The communication interface includes hardware, software, or both providing one or more interfaces for communication (e.g., packet-based communication) between the computing systems over the network. As an example and not by way of limitation, the communication interface may include a network interface controller (NIC) or network adapter for communicating with an Ethernet or other wire-based network or a wireless NIC (WNIC) or wireless adapter for communicating with a wireless network, such as a WI-FI network. This disclosure contemplates any suitable network and any suitable communication interface. As an example and not by way of limitation, the computing systems may communicate with an ad hoc network, a personal area network (PAN), a local area network (LAN), a wide area network (WAN), a metropolitan area network (MAN), or one or more portions of the Internet or a combination of two or more of these. One or more portions of one or more of these networks may be wired or wireless. As an example, the computing systems may communicate with a wireless PAN (WPAN) (e.g., a BLUETOOTH WPAN), a WI-FI network, a WI-MAX network, a cellular telephone network (e.g., a Global System for Mobile Communications (GSM) network), or other suitable wireless network or a combination of two or more of these. The computing systems may include any suitable communication interface for any of these networks, where appropriate.
It should be understood, of course, that the foregoing relates to exemplary embodiments of the invention and that modifications may be made without departing from the spirit and scope of the invention as set forth in the following claims.

Claims

What is claimed is:

1. A system of wireless transmission of audio/video content to a display device, the system comprising:

a wireless transmitter operative to receive audio and/or video;

the wireless transmitter configured to setup a private wireless network;

a display device operative to receive the audio and/or video; and

a processor in communication with the wireless transmitter and the display device, wherein the processor is operative to wirelessly transmit via the private wireless network the audio and/or video to the display device without use of an intervening hardware or computing device.
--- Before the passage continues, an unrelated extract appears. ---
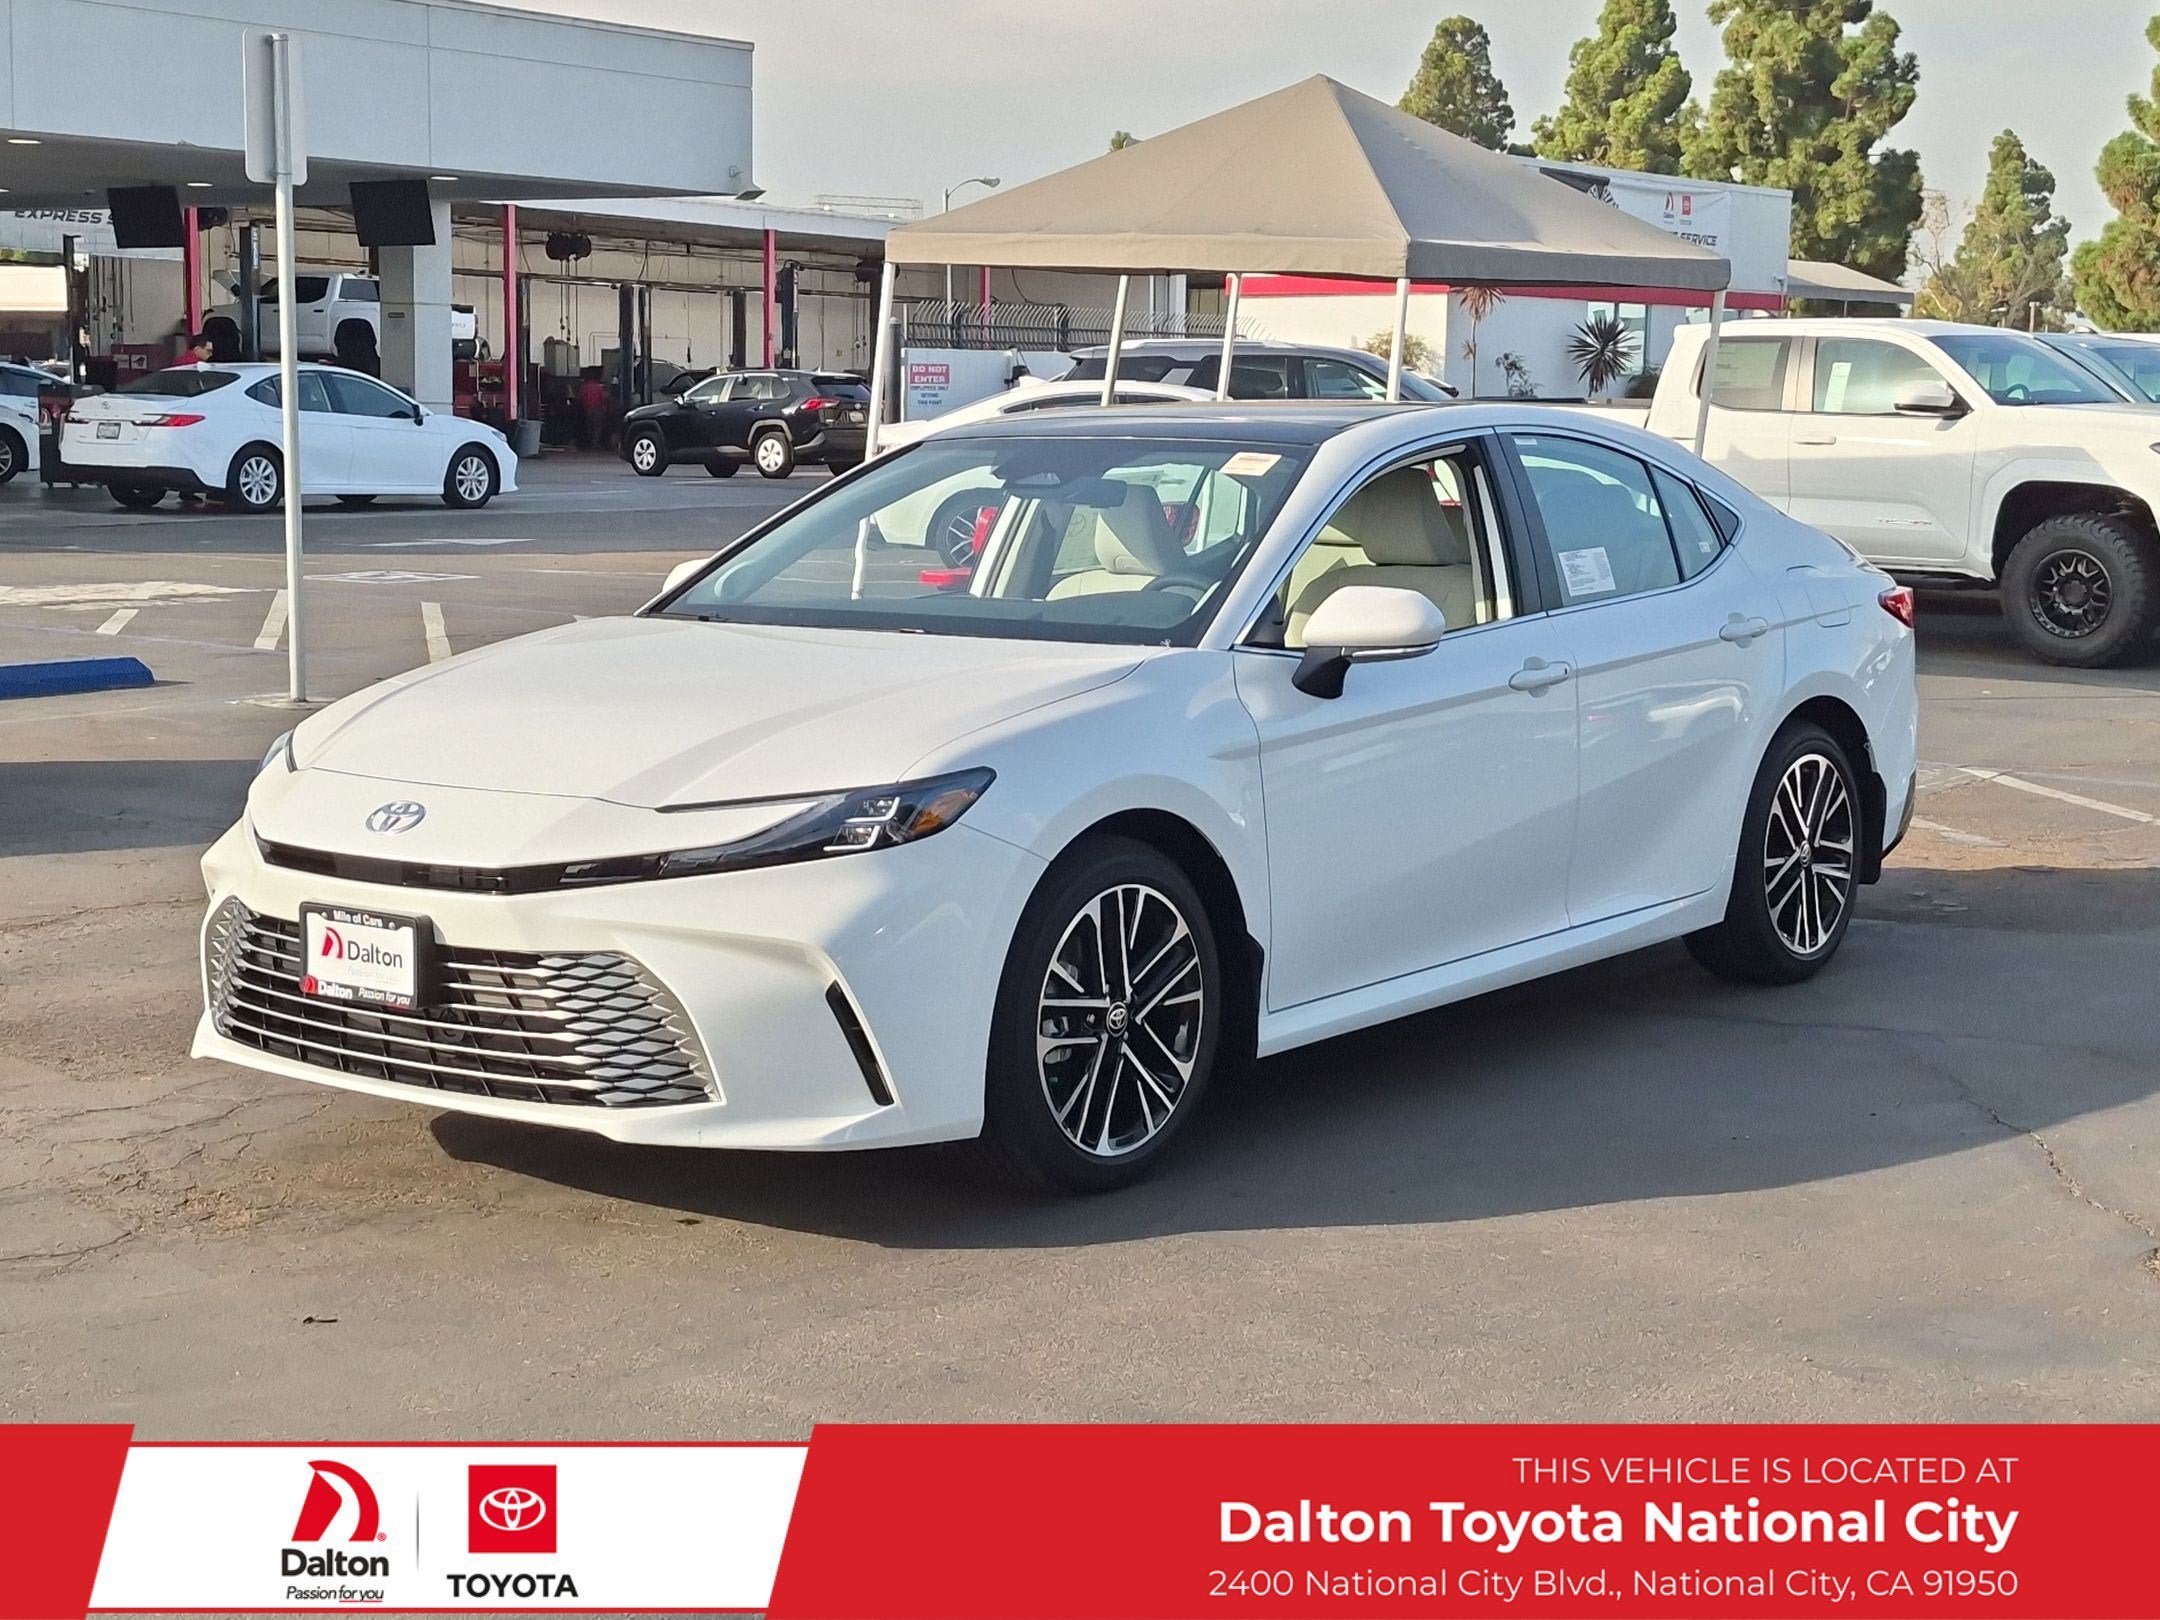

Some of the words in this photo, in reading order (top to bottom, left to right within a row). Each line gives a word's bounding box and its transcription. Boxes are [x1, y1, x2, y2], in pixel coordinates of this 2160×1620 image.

2. The system of claim 1, wherein the wireless transmission by way of the processor is in real time.

3. The system of claim 1, wherein the processor encodes the audio and/or video into a streaming protocol prior to the wireless transmission.

4. The system of claim 1, wherein the display device is a virtual reality headset.

5. The system of claim 4, wherein the display device is operative to perform digital magnification on the audio and/or video.

6. A method for a person with limited vision to watch video content, the method comprising:

providing the system of claim 5;

operatively associating the virtual reality headset and the person; and

electrically connecting audio and/or video with the wireless transmitter.